Third, where possible, build in “explain-ability” in models by documenting training data and decisions, determining primary variables and weights for models, and using less obscure algorithms (such as decision trees) where possible.
Next, it’s important to experiment, measure and optimize models to ensure they make measurably good decisions, with a requirement for some independent assessment and tools to define “good” in a value-neutral and explainable way.
Finally, you can put in place processes and technology to correct errors and respond to customer inquiries. GDPR and CCPA preference centers, Master Data Management Stewardship software, and Data Quality components for your customer data management all provide means to improve your customer data, help customers fix (and trust) your data, and help your organization turn privacy/compliance challenges into customer engagement opportunities.
Don’t Let Data Distortion be Intimidating
Removing errors and biases from machine learning models and the overall way business is conducted aligns an organization well with its internal needs, its expectations for being profitable and for being a “good citizen”.

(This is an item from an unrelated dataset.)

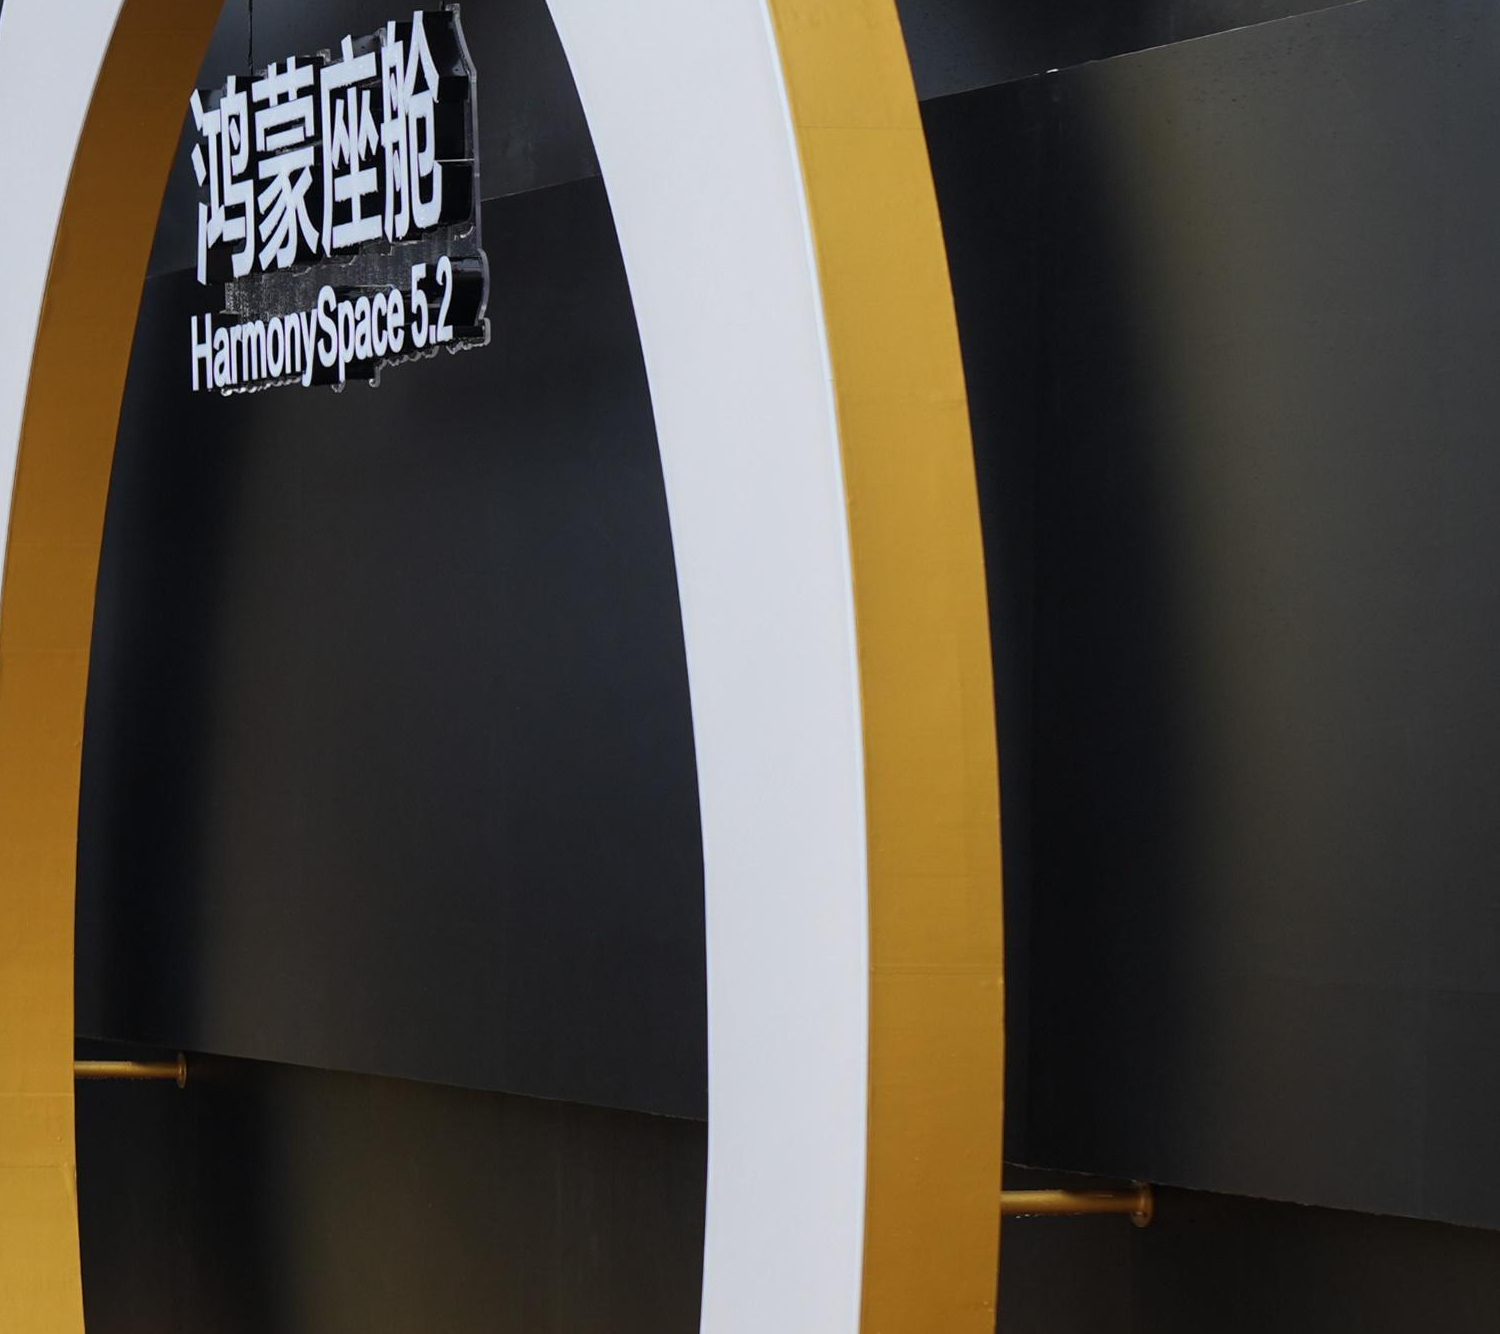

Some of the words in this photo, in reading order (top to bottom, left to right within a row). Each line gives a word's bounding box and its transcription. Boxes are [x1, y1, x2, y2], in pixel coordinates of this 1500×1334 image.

Being cognizant of data collection pitfalls and being proactive in addressing them has many positive payoffs. Because data bias is not usually intentional, it is often perceived as impossible to avoid, as well as to completely remove, by virtue of its being hard to detect. But putting appropriate mitigation measures in place make creating a complete, accurate and representative data set a far less intimidating problem than at first glance; it’s just one of many data management tasks that are necessary to align strategy with execution. Putting those measures in place may be difficult, but it’s certainly less of a hardship than allowing bad data to go unchecked.